(Phrase grounding data)
++++++

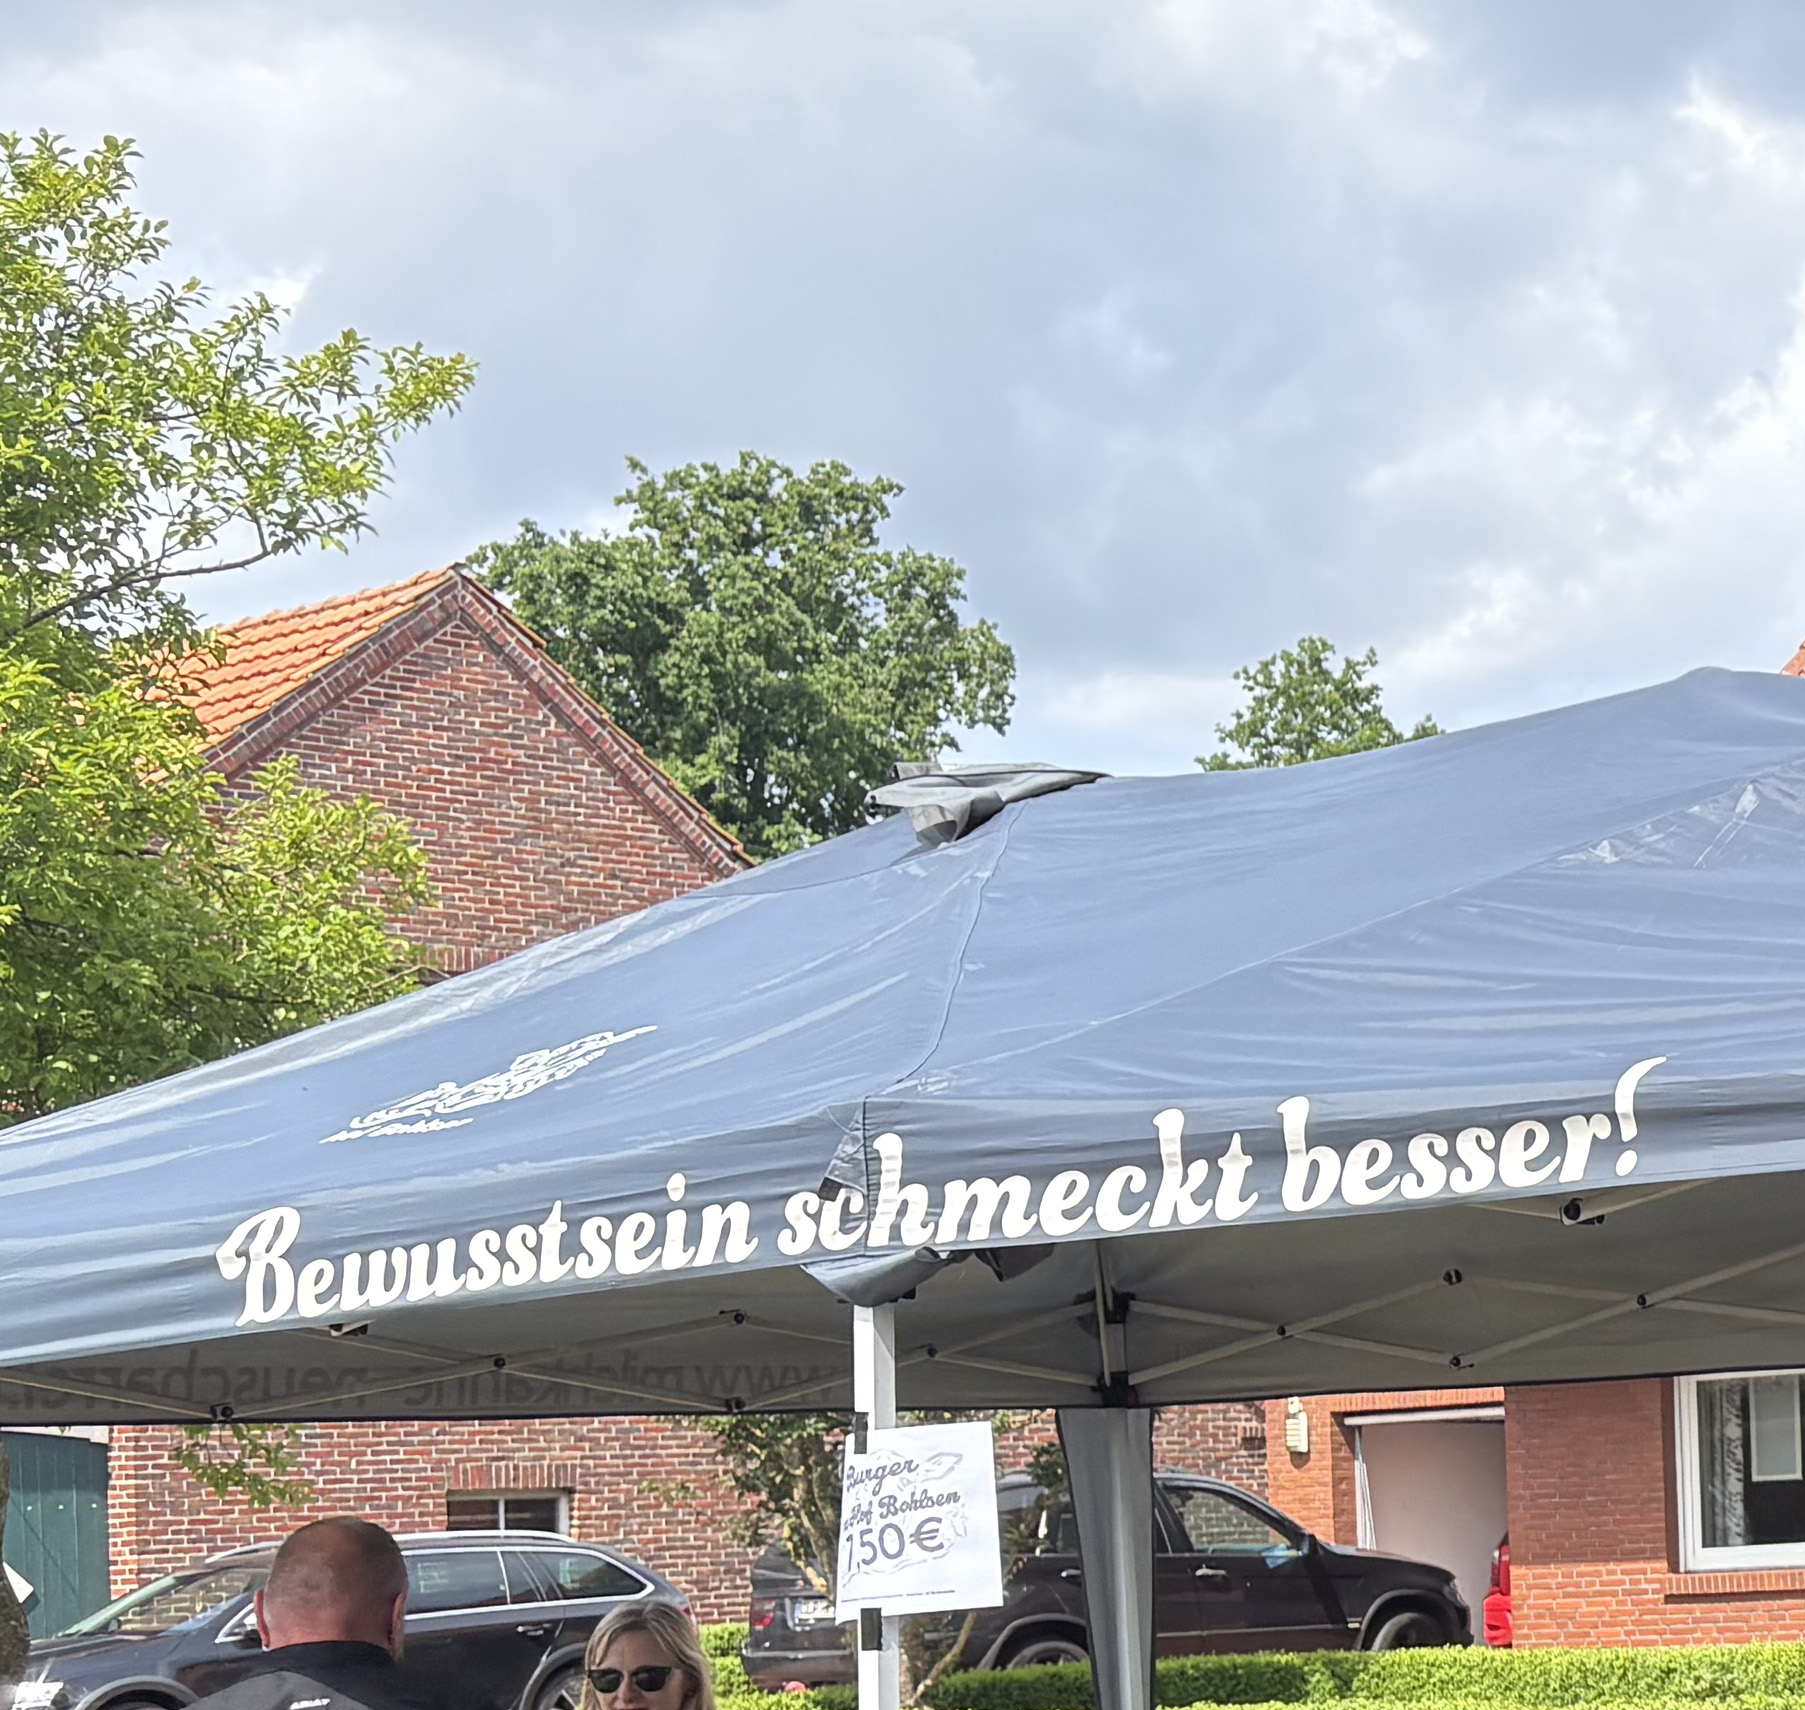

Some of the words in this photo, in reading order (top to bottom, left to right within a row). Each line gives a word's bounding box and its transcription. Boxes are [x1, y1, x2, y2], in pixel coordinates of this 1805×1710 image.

[215, 1172, 759, 1328] Bewusstsein
[777, 1108, 1259, 1256] schmeckt
[1276, 1056, 1667, 1212] besser!
[878, 1489, 961, 1520] Bohlsen

++++++

Your copy should match every record exactly and contain no pictures.

* [Response area]:
Some of the words in this photo, in reading order (top to bottom, left to right within a row). Each line gives a word's bounding box and its transcription. Boxes are [x1, y1, x2, y2], in pixel coordinates of this 1805×1710 image.

[215, 1172, 759, 1328] Bewusstsein
[777, 1108, 1259, 1256] schmeckt
[1276, 1056, 1667, 1212] besser!
[878, 1489, 961, 1520] Bohlsen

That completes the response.